From €20 for a kitchen porter to €2476 for an RTE musician...Welcome to the crazy, unfair world of Flat Rate Expenses
- Bill Tyson
- Mar 30
- 3 min read
Updated: Jun 16

Doctors and consultants are allowed to claim €695 in 'flat rate expenses'
Flat Rate Expenses are a lucrative tax break – if you’re in the right job.
They’re supposed to provide a standard rate of expenses that each job or profession can claim.
It’s hard to do this fairly. Not everyone in the same job has the same expenses. Yet even so, the way it has been done seems unjust.

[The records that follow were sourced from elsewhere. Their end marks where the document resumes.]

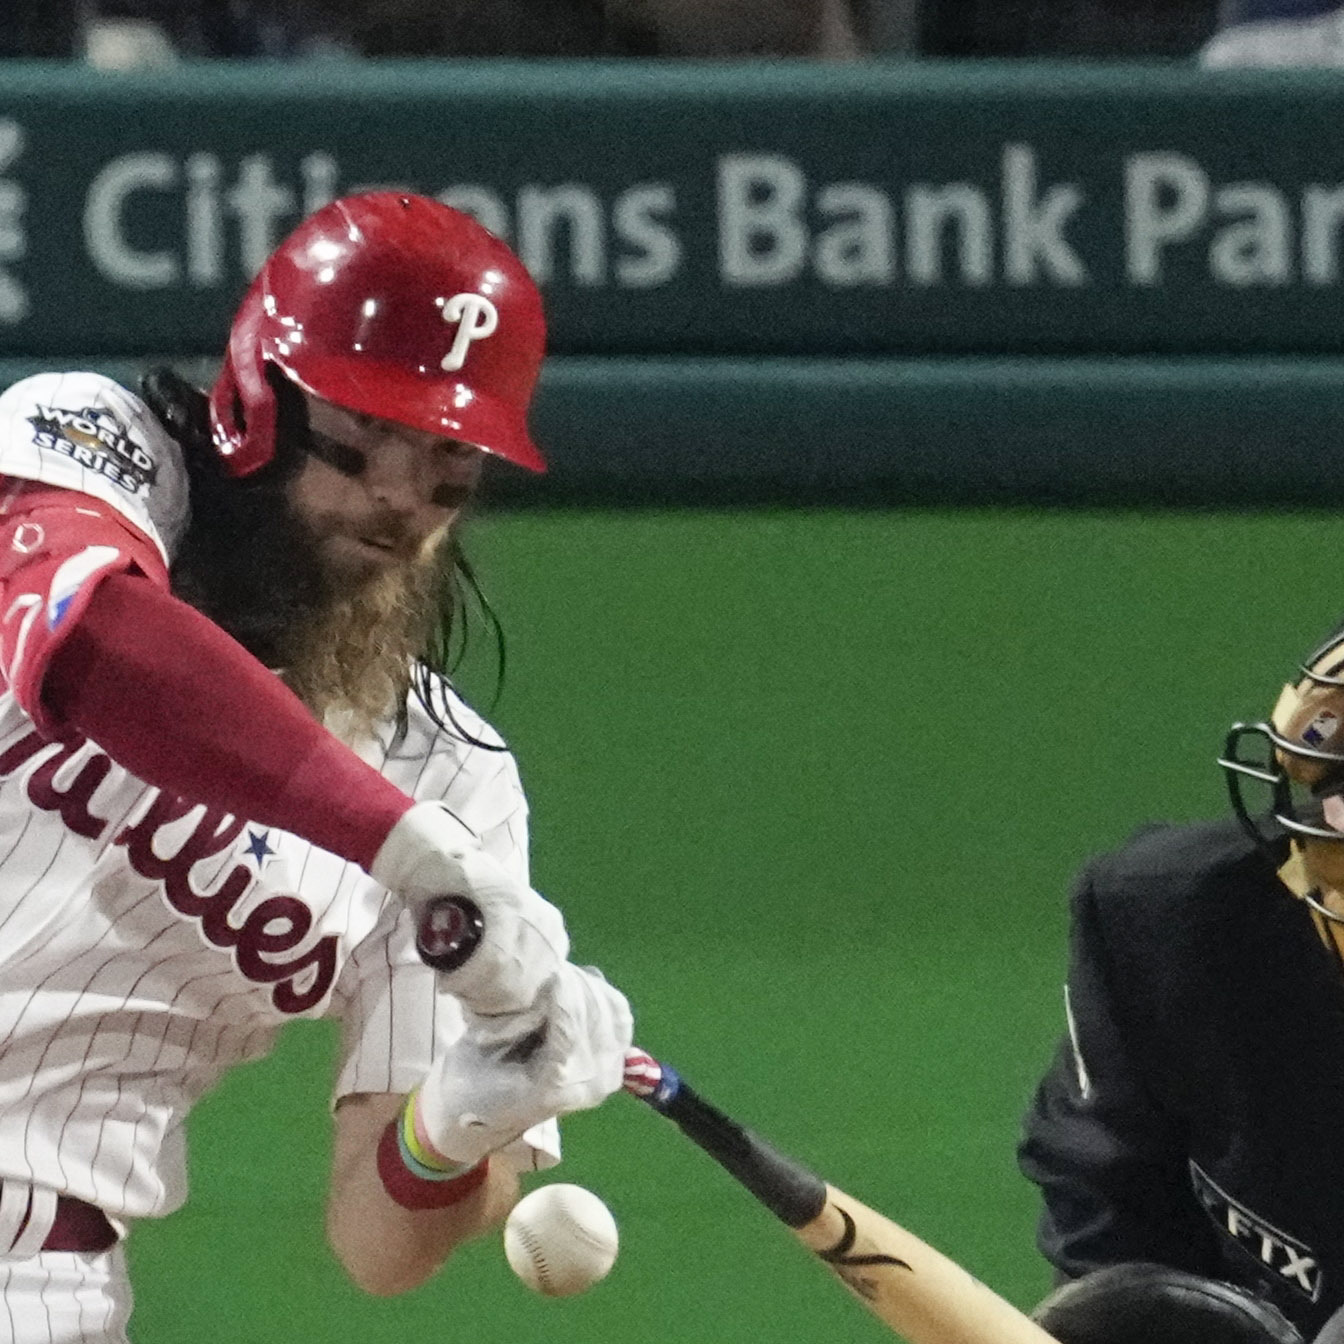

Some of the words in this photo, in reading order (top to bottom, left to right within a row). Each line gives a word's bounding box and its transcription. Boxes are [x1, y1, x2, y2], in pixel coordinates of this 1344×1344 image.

[83, 152, 682, 287] Citins
[716, 143, 1088, 287] Bank
[441, 292, 498, 371] P
[33, 431, 138, 494] SERIES
[39, 404, 153, 471] WORLD
[1228, 1206, 1315, 1291] FTX
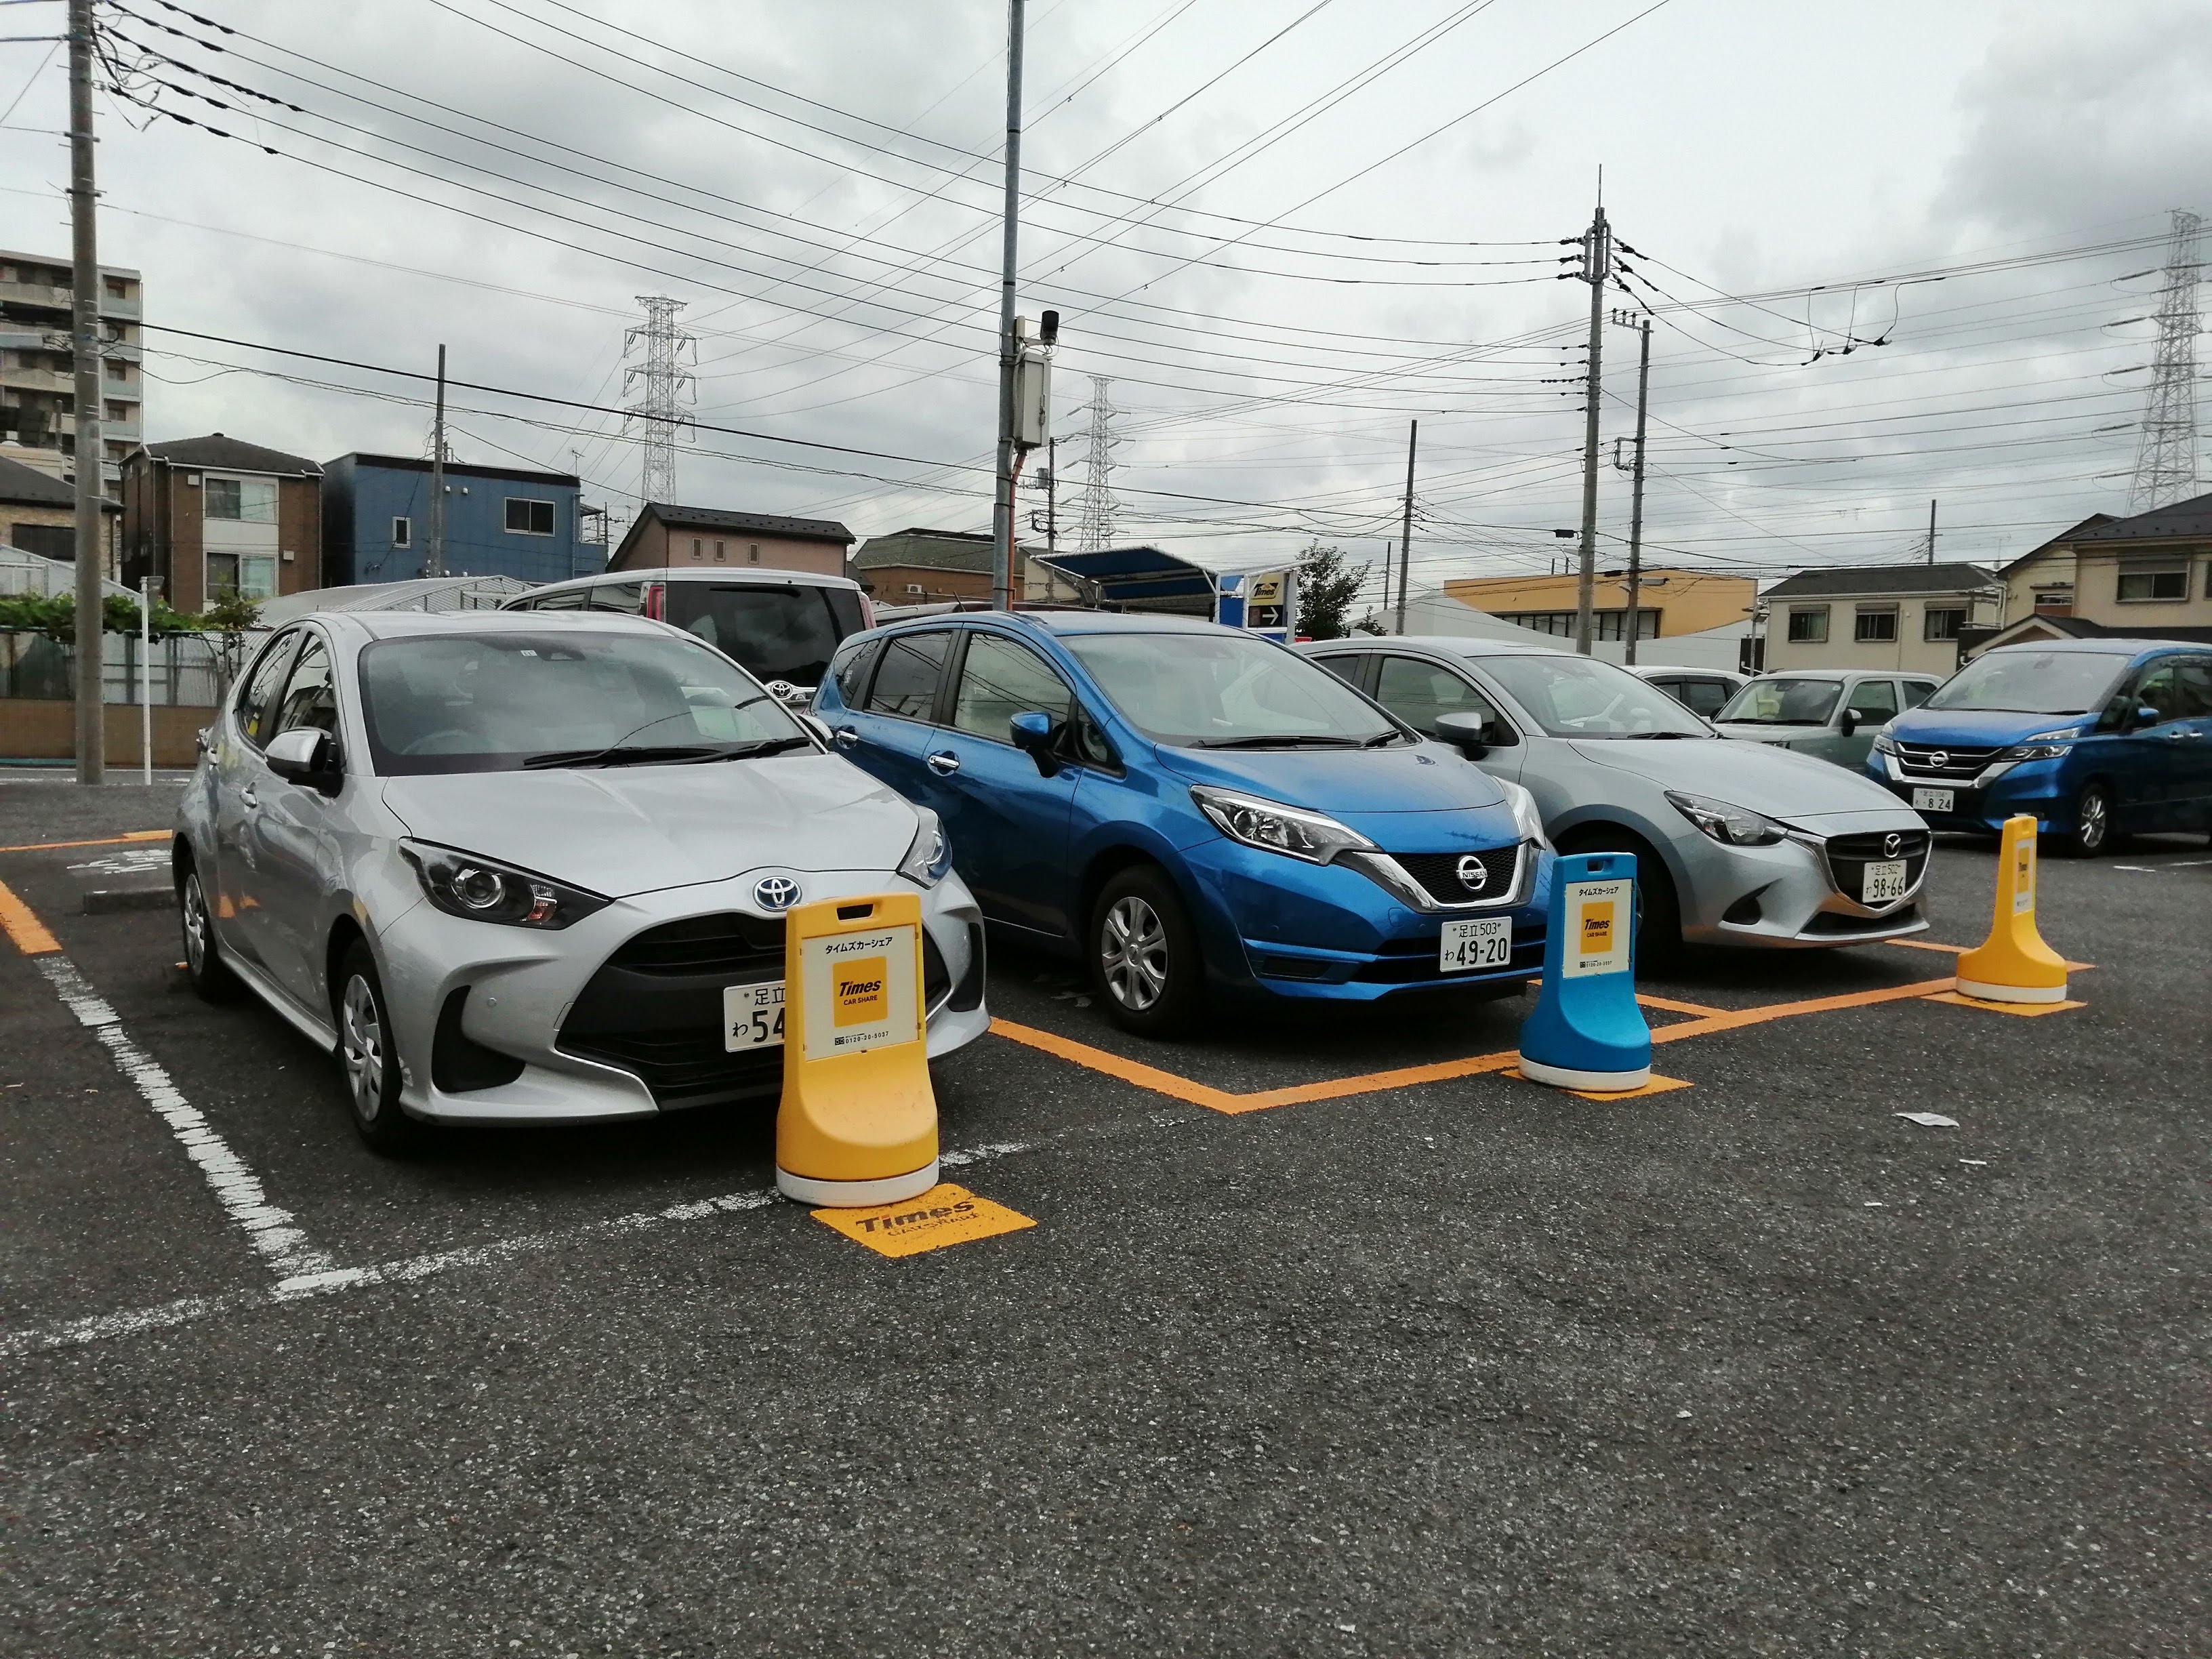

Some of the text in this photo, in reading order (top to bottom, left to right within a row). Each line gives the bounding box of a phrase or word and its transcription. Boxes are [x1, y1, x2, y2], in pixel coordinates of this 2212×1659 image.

[1254, 586, 1275, 597] Times
[1462, 869, 1488, 878] NISSAN
[1578, 886, 1619, 897] タイムズカーシェア
[1584, 918, 1610, 930] Times
[825, 936, 893, 955] タイムズカーシェア
[1456, 937, 1507, 966] 49-20
[839, 980, 882, 997] Times
[754, 987, 785, 1006] 足立
[844, 995, 878, 1006] CAR SHARE
[732, 1022, 749, 1038] わ
[845, 1031, 889, 1044] 0120-20-5037
[855, 1201, 975, 1233] Times
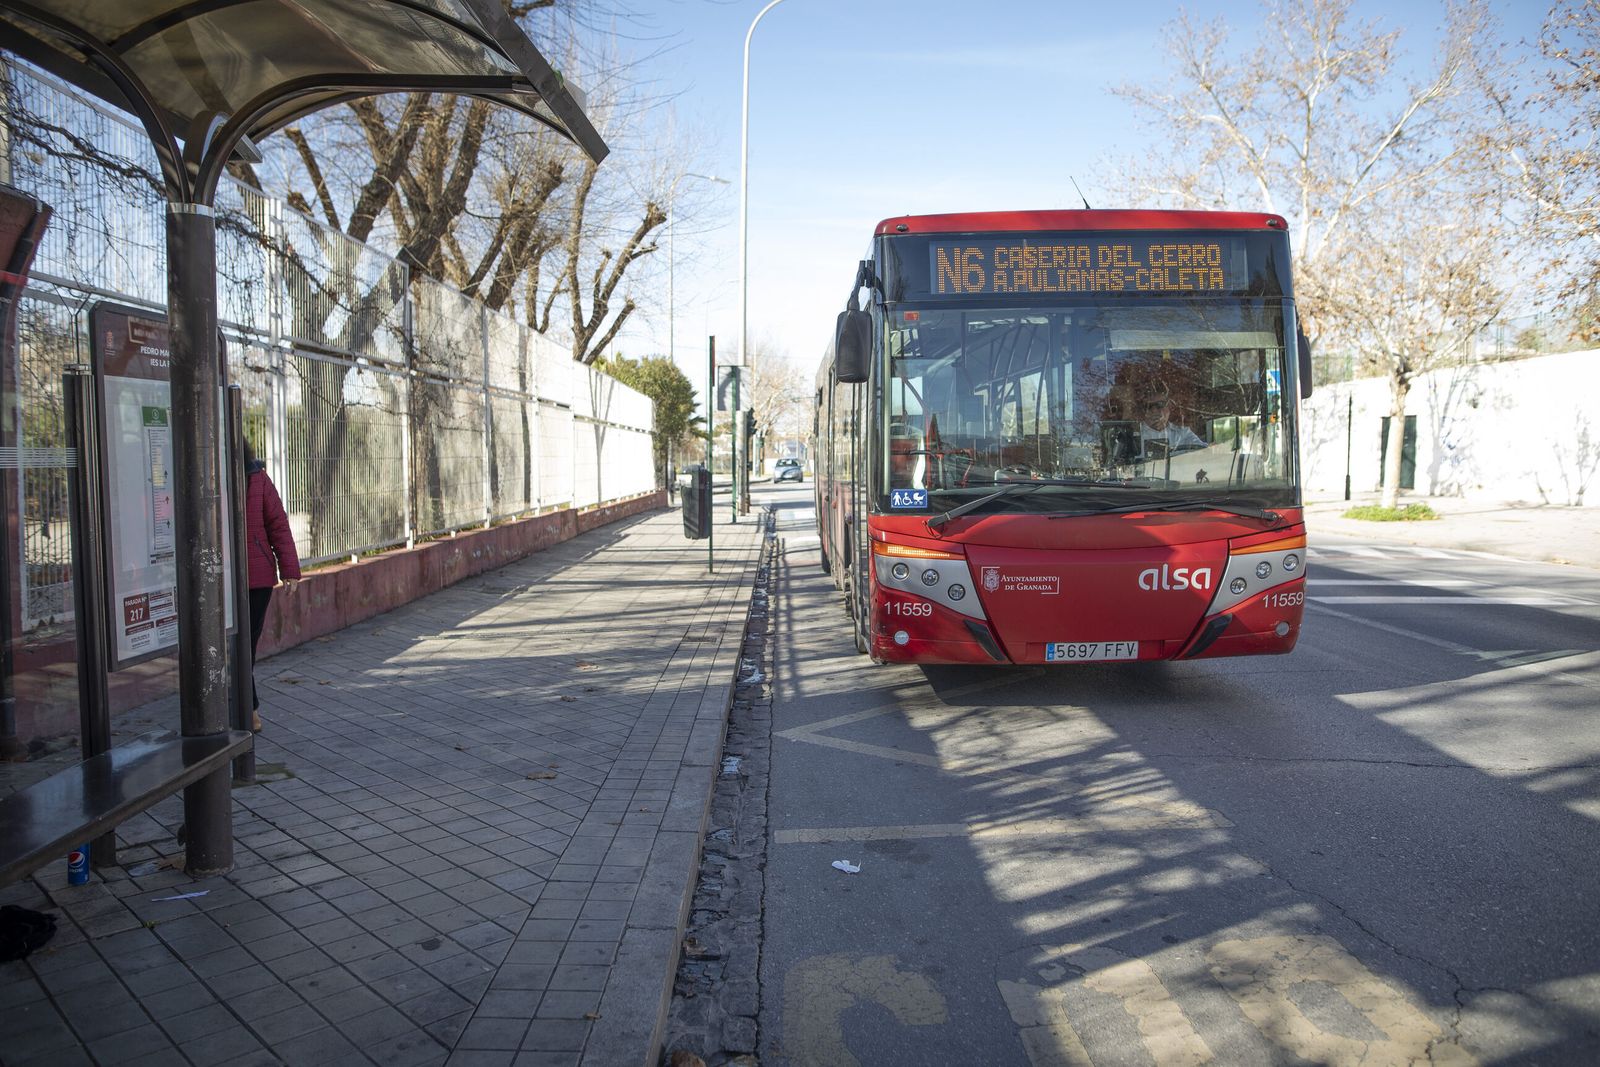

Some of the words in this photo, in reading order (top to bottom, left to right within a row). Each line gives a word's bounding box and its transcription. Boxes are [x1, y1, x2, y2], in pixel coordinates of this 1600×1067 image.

You could claim hundreds or even thousands every year in some professions. But others, with seemingly just as many work-related expenses, get a pittance.
The whole scheme seems unfair, or random at best, and also classist.
The reasons behind this seem to date back to its origins in the class-ridden mid-20th century, when the local doctor was expected to wear his Sunday best tweeds at all times while working class people earned a pittance and dressed and were treated accordingly.
For example, the lowest Flat Rate Expense is €21 for a kitchen porter, whose work presumably racks up cleaning bills that would be a lot higher than that paltry sum.
It’s hardly worthwhile claiming for such a small and insulting amount.
Fitters, mechanics and panel beaters who pay for their own tools and overalls fare little better at just €85 and €78 respectively for a year's worth of tool-buying and overalls-cleaning.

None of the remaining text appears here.